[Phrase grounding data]
☆ ☆ ☆ ☆ ☆
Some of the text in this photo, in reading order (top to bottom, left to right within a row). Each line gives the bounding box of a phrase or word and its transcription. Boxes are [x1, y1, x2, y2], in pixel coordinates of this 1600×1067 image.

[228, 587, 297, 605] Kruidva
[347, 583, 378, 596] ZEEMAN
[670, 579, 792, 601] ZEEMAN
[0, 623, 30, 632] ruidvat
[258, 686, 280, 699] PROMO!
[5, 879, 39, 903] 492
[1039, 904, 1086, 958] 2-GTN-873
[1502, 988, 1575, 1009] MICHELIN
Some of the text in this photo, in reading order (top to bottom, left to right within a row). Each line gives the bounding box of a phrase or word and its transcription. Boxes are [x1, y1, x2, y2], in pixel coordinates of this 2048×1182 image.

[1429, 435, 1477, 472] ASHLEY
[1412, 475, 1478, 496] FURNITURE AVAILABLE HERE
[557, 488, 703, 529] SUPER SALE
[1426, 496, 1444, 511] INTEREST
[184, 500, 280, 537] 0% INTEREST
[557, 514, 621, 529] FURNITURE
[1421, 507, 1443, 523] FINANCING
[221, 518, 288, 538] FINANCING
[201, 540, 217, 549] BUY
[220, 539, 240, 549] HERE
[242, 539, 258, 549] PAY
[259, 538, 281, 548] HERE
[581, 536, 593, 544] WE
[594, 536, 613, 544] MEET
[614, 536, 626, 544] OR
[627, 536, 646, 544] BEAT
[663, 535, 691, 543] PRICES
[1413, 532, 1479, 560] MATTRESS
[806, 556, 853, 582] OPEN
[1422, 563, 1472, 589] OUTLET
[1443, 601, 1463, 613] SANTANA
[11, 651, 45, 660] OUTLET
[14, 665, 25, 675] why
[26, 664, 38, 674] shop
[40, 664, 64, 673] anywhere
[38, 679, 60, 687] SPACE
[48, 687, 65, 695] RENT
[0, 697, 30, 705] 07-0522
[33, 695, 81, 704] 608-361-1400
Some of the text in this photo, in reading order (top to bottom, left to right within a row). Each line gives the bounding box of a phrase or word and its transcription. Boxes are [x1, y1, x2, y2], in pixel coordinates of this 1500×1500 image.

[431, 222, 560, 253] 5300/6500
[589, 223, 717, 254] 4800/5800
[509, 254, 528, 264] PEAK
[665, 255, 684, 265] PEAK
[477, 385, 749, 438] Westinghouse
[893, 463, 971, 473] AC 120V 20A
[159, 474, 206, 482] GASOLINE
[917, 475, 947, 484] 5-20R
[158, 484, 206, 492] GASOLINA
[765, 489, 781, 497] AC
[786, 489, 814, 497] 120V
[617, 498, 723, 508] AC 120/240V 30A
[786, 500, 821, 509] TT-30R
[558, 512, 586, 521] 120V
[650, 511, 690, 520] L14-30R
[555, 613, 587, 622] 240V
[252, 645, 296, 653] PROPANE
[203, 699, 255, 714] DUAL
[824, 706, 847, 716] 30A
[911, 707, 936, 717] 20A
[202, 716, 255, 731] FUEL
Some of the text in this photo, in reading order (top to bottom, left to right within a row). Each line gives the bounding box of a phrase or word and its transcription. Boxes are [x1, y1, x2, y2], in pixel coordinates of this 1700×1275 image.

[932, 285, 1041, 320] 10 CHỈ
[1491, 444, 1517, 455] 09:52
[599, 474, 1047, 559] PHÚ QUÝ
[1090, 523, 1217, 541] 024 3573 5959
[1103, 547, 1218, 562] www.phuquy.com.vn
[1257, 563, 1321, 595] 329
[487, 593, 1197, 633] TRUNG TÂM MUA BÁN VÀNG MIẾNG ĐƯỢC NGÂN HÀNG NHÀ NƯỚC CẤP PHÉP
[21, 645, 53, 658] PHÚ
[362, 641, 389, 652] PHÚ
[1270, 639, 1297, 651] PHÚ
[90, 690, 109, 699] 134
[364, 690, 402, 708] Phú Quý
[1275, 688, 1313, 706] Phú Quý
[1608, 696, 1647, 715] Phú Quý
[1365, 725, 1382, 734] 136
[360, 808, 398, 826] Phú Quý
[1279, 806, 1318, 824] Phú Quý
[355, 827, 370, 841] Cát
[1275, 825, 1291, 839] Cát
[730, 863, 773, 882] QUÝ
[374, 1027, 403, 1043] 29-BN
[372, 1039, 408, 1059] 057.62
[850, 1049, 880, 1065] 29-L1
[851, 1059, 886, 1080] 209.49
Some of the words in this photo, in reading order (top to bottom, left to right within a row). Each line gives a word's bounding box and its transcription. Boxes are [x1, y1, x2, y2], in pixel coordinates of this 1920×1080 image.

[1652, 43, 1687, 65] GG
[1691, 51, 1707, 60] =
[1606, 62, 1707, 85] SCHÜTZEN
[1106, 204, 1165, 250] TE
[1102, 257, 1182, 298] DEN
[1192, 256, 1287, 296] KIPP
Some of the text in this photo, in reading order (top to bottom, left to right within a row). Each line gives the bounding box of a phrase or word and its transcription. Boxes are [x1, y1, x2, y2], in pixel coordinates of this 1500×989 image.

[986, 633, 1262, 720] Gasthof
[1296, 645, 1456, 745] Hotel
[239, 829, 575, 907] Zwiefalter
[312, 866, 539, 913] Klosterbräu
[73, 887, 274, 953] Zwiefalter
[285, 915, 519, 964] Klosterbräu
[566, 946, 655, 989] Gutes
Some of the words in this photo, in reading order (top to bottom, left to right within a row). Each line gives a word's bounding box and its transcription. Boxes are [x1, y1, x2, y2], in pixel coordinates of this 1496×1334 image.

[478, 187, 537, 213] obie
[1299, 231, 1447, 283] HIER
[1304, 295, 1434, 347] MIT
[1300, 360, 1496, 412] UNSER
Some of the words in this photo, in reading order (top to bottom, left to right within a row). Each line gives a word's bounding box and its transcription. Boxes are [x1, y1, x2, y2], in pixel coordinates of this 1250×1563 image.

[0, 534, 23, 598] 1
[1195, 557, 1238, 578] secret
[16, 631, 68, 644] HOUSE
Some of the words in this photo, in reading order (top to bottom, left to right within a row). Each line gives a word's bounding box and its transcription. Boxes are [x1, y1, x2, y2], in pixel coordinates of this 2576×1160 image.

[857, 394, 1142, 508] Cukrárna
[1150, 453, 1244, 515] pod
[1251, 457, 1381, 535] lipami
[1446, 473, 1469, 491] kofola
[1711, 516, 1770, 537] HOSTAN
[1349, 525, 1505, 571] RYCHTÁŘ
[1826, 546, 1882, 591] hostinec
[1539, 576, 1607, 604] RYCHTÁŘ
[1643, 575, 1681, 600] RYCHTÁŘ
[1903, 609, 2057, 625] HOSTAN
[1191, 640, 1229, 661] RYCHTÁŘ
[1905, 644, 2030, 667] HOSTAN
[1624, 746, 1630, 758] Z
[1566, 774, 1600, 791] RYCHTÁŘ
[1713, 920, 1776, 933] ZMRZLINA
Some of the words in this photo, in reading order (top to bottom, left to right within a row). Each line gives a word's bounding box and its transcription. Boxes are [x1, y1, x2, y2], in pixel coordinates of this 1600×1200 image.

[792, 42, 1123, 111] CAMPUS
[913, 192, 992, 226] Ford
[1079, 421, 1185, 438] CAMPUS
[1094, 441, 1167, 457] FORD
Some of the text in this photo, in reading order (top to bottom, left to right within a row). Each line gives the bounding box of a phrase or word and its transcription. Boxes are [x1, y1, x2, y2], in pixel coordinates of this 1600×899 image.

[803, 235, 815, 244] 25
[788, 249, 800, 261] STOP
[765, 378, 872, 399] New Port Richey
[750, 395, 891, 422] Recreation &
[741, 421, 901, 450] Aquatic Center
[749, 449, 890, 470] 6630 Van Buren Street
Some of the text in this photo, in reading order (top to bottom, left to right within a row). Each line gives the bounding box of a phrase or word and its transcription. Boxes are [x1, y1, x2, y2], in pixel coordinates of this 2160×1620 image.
☆ ☆ ☆ ☆ ☆
What is expected -
Using the data above, return each line exactly as written.

Finished task -
Some of the text in this photo, in reading order (top to bottom, left to right within a row). Each line gives the bounding box of a phrase or word and its transcription. Boxes are [x1, y1, x2, y2], in pixel coordinates of this 1600×1067 image.

[228, 587, 297, 605] Kruidva
[347, 583, 378, 596] ZEEMAN
[670, 579, 792, 601] ZEEMAN
[0, 623, 30, 632] ruidvat
[258, 686, 280, 699] PROMO!
[5, 879, 39, 903] 492
[1039, 904, 1086, 958] 2-GTN-873
[1502, 988, 1575, 1009] MICHELIN
Some of the text in this photo, in reading order (top to bottom, left to right within a row). Each line gives the bounding box of a phrase or word and its transcription. Boxes are [x1, y1, x2, y2], in pixel coordinates of this 2048×1182 image.

[1429, 435, 1477, 472] ASHLEY
[1412, 475, 1478, 496] FURNITURE AVAILABLE HERE
[557, 488, 703, 529] SUPER SALE
[1426, 496, 1444, 511] INTEREST
[184, 500, 280, 537] 0% INTEREST
[557, 514, 621, 529] FURNITURE
[1421, 507, 1443, 523] FINANCING
[221, 518, 288, 538] FINANCING
[201, 540, 217, 549] BUY
[220, 539, 240, 549] HERE
[242, 539, 258, 549] PAY
[259, 538, 281, 548] HERE
[581, 536, 593, 544] WE
[594, 536, 613, 544] MEET
[614, 536, 626, 544] OR
[627, 536, 646, 544] BEAT
[663, 535, 691, 543] PRICES
[1413, 532, 1479, 560] MATTRESS
[806, 556, 853, 582] OPEN
[1422, 563, 1472, 589] OUTLET
[1443, 601, 1463, 613] SANTANA
[11, 651, 45, 660] OUTLET
[14, 665, 25, 675] why
[26, 664, 38, 674] shop
[40, 664, 64, 673] anywhere
[38, 679, 60, 687] SPACE
[48, 687, 65, 695] RENT
[0, 697, 30, 705] 07-0522
[33, 695, 81, 704] 608-361-1400
Some of the text in this photo, in reading order (top to bottom, left to right within a row). Each line gives the bounding box of a phrase or word and its transcription. Boxes are [x1, y1, x2, y2], in pixel coordinates of this 1500×1500 image.

[431, 222, 560, 253] 5300/6500
[589, 223, 717, 254] 4800/5800
[509, 254, 528, 264] PEAK
[665, 255, 684, 265] PEAK
[477, 385, 749, 438] Westinghouse
[893, 463, 971, 473] AC 120V 20A
[159, 474, 206, 482] GASOLINE
[917, 475, 947, 484] 5-20R
[158, 484, 206, 492] GASOLINA
[765, 489, 781, 497] AC
[786, 489, 814, 497] 120V
[617, 498, 723, 508] AC 120/240V 30A
[786, 500, 821, 509] TT-30R
[558, 512, 586, 521] 120V
[650, 511, 690, 520] L14-30R
[555, 613, 587, 622] 240V
[252, 645, 296, 653] PROPANE
[203, 699, 255, 714] DUAL
[824, 706, 847, 716] 30A
[911, 707, 936, 717] 20A
[202, 716, 255, 731] FUEL
Some of the text in this photo, in reading order (top to bottom, left to right within a row). Each line gives the bounding box of a phrase or word and its transcription. Boxes are [x1, y1, x2, y2], in pixel coordinates of this 1700×1275 image.

[932, 285, 1041, 320] 10 CHỈ
[1491, 444, 1517, 455] 09:52
[599, 474, 1047, 559] PHÚ QUÝ
[1090, 523, 1217, 541] 024 3573 5959
[1103, 547, 1218, 562] www.phuquy.com.vn
[1257, 563, 1321, 595] 329
[487, 593, 1197, 633] TRUNG TÂM MUA BÁN VÀNG MIẾNG ĐƯỢC NGÂN HÀNG NHÀ NƯỚC CẤP PHÉP
[21, 645, 53, 658] PHÚ
[362, 641, 389, 652] PHÚ
[1270, 639, 1297, 651] PHÚ
[90, 690, 109, 699] 134
[364, 690, 402, 708] Phú Quý
[1275, 688, 1313, 706] Phú Quý
[1608, 696, 1647, 715] Phú Quý
[1365, 725, 1382, 734] 136
[360, 808, 398, 826] Phú Quý
[1279, 806, 1318, 824] Phú Quý
[355, 827, 370, 841] Cát
[1275, 825, 1291, 839] Cát
[730, 863, 773, 882] QUÝ
[374, 1027, 403, 1043] 29-BN
[372, 1039, 408, 1059] 057.62
[850, 1049, 880, 1065] 29-L1
[851, 1059, 886, 1080] 209.49
Some of the words in this photo, in reading order (top to bottom, left to right within a row). Each line gives a word's bounding box and its transcription. Boxes are [x1, y1, x2, y2], in pixel coordinates of this 1920×1080 image.

[1652, 43, 1687, 65] GG
[1691, 51, 1707, 60] =
[1606, 62, 1707, 85] SCHÜTZEN
[1106, 204, 1165, 250] TE
[1102, 257, 1182, 298] DEN
[1192, 256, 1287, 296] KIPP
Some of the text in this photo, in reading order (top to bottom, left to right within a row). Each line gives the bounding box of a phrase or word and its transcription. Boxes are [x1, y1, x2, y2], in pixel coordinates of this 1500×989 image.

[986, 633, 1262, 720] Gasthof
[1296, 645, 1456, 745] Hotel
[239, 829, 575, 907] Zwiefalter
[312, 866, 539, 913] Klosterbräu
[73, 887, 274, 953] Zwiefalter
[285, 915, 519, 964] Klosterbräu
[566, 946, 655, 989] Gutes
Some of the words in this photo, in reading order (top to bottom, left to right within a row). Each line gives a word's bounding box and its transcription. Boxes are [x1, y1, x2, y2], in pixel coordinates of this 1496×1334 image.

[478, 187, 537, 213] obie
[1299, 231, 1447, 283] HIER
[1304, 295, 1434, 347] MIT
[1300, 360, 1496, 412] UNSER
Some of the words in this photo, in reading order (top to bottom, left to right within a row). Each line gives a word's bounding box and its transcription. Boxes are [x1, y1, x2, y2], in pixel coordinates of this 1250×1563 image.

[0, 534, 23, 598] 1
[1195, 557, 1238, 578] secret
[16, 631, 68, 644] HOUSE
Some of the words in this photo, in reading order (top to bottom, left to right within a row). Each line gives a word's bounding box and its transcription. Boxes are [x1, y1, x2, y2], in pixel coordinates of this 2576×1160 image.

[857, 394, 1142, 508] Cukrárna
[1150, 453, 1244, 515] pod
[1251, 457, 1381, 535] lipami
[1446, 473, 1469, 491] kofola
[1711, 516, 1770, 537] HOSTAN
[1349, 525, 1505, 571] RYCHTÁŘ
[1826, 546, 1882, 591] hostinec
[1539, 576, 1607, 604] RYCHTÁŘ
[1643, 575, 1681, 600] RYCHTÁŘ
[1903, 609, 2057, 625] HOSTAN
[1191, 640, 1229, 661] RYCHTÁŘ
[1905, 644, 2030, 667] HOSTAN
[1624, 746, 1630, 758] Z
[1566, 774, 1600, 791] RYCHTÁŘ
[1713, 920, 1776, 933] ZMRZLINA
Some of the words in this photo, in reading order (top to bottom, left to right within a row). Each line gives a word's bounding box and its transcription. Boxes are [x1, y1, x2, y2], in pixel coordinates of this 1600×1200 image.

[792, 42, 1123, 111] CAMPUS
[913, 192, 992, 226] Ford
[1079, 421, 1185, 438] CAMPUS
[1094, 441, 1167, 457] FORD
Some of the text in this photo, in reading order (top to bottom, left to right within a row). Each line gives the bounding box of a phrase or word and its transcription. Boxes are [x1, y1, x2, y2], in pixel coordinates of this 1600×899 image.

[803, 235, 815, 244] 25
[788, 249, 800, 261] STOP
[765, 378, 872, 399] New Port Richey
[750, 395, 891, 422] Recreation &
[741, 421, 901, 450] Aquatic Center
[749, 449, 890, 470] 6630 Van Buren Street
Some of the text in this photo, in reading order (top to bottom, left to right within a row). Each line gives the bounding box of a phrase or word and its transcription. Boxes are [x1, y1, x2, y2], in pixel coordinates of this 2160×1620 image.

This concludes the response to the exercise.